Mit Annahme der Volksinitiative zum Schutz des Alpengebietes vor dem Transitverkehr hat die schweizer Bevölkerung ein klares Zeichen gesetzt. Als Folge davon soll die Zahl der Fahrten schwerer Strassengüterfahrzeuge durch die Schweizer Alpen auf jährlich 650'000, d.h. die Hälfte des heutigen Wertes, vermindert werden.
Gleichzeitig werden Neu- und Ausbau von alpenquerenden Transitstrassen grundsätzlich untersagt. Diese Bestimmung ist restriktiver als die entsprechenden Ausführungen in Art. 11 des Verkehrsprotokolls.
Verkehrsverlagerung auf die Schiene als höchste Priorität
Als Folge der Annahme der Alpenschutzinitiative und anderer Volksentscheide hat die Schweiz eine spezifische Güterverkehrspolitik entwickelt, welche darauf abzielt, das gesetzte Ziel durch Verlagerung auf die Schiene zu erreichen. Dies soll durch Setzen entsprechender Anreize ohne Zwangsmassnahmen erfolgen.Die Politik zur Erreichung der angestrebten Verlagerung beruht im wesentlichen auf drei Pfeilern: die leistungsabhängige Schwerverkehrsabgabe LSVA, der Ausbau der Eisenbahninfrastruktur, die Bahnreform. Zudem wurde eine Reihe flankierender Massnahmen beschlossen (Schwerverkehrskontrollen, Trassenpreissubventionen etc.). Obwohl stark von der Transitverkehrspolitik geprägt, beeinflussen die ergriffenen Massnahmen den gesamten schweizerischen Güterverkehr. Die LSVA ist am 1.1.2001 in Kraft getreten, die Bahnreform wird schrittweise umgesetzt, der erste der beiden Basistunnel voraussichtlich 2007 eröffnet.
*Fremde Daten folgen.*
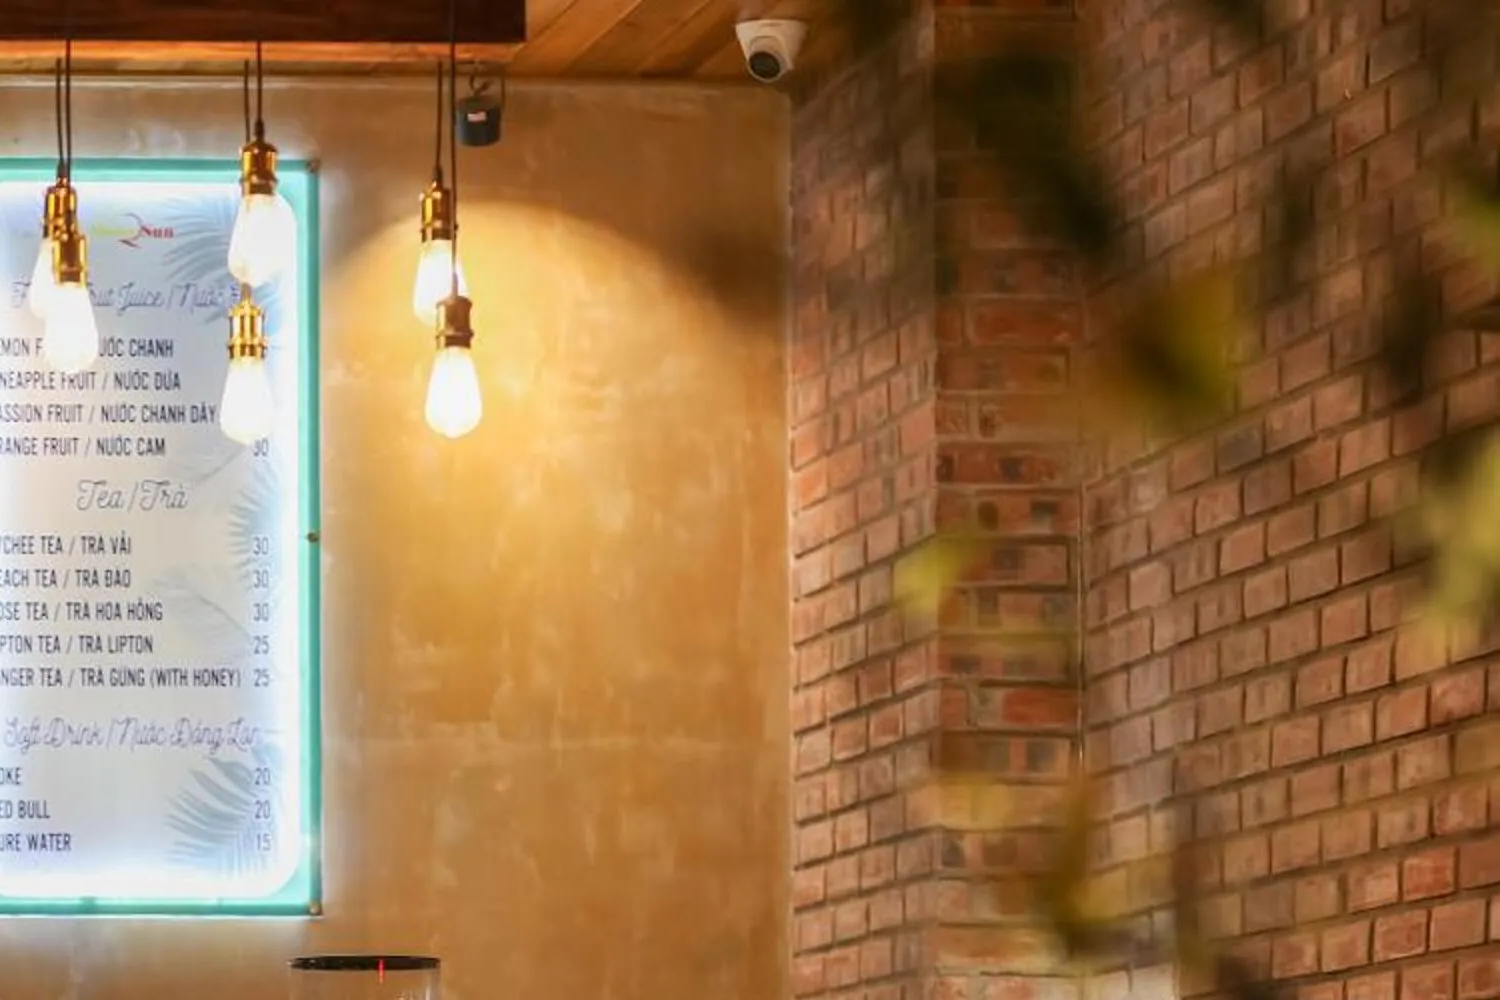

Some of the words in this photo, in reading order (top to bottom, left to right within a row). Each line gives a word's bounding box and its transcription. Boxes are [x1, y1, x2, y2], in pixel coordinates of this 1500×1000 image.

Teilziel erreicht, Endziel noch nicht in Sicht
Als Folge der ergriffenen Massnahmen, z.T. wohl auch aufgrund der schwachen Konjunktur, hat sich die Zahl alpenquerender Strassengüterfahrzeuge stabilisiert. Damit wurde das erste Teilziel erreicht. Noch deutlicher waren die Auswirkungen im gesamtschweizerischen Verkehr, wo ein deutlicher Rückgang der entsprechenden Fahrleistung festgestellt werden konnte. Dieser ist primär auf Effizienzsteigerungen im Strassentransportgewerbe zurückzuführen, die Verkehrsleistung der Schiene blieb praktisch konstant. Mit der vorgesehen Erhöhung der LSVA im Jahr 2005 und der anschliessenden Eröffnung des Lötschbergbasistunnels werden die Voraussetzungen für eine zunehmende Verlagerung auf die Schiene weiter verbessert. Ohne deutliche Verbesserung der Qualität des Schienenangebots im internationalen Verkehr (Stichwort Zuverlässigkeit) dürfte das ambitiöse Ziel einer Halbierung des Strassengüterverkehrs auf den Transitachsen indessen nur schwer zu erreichen sein.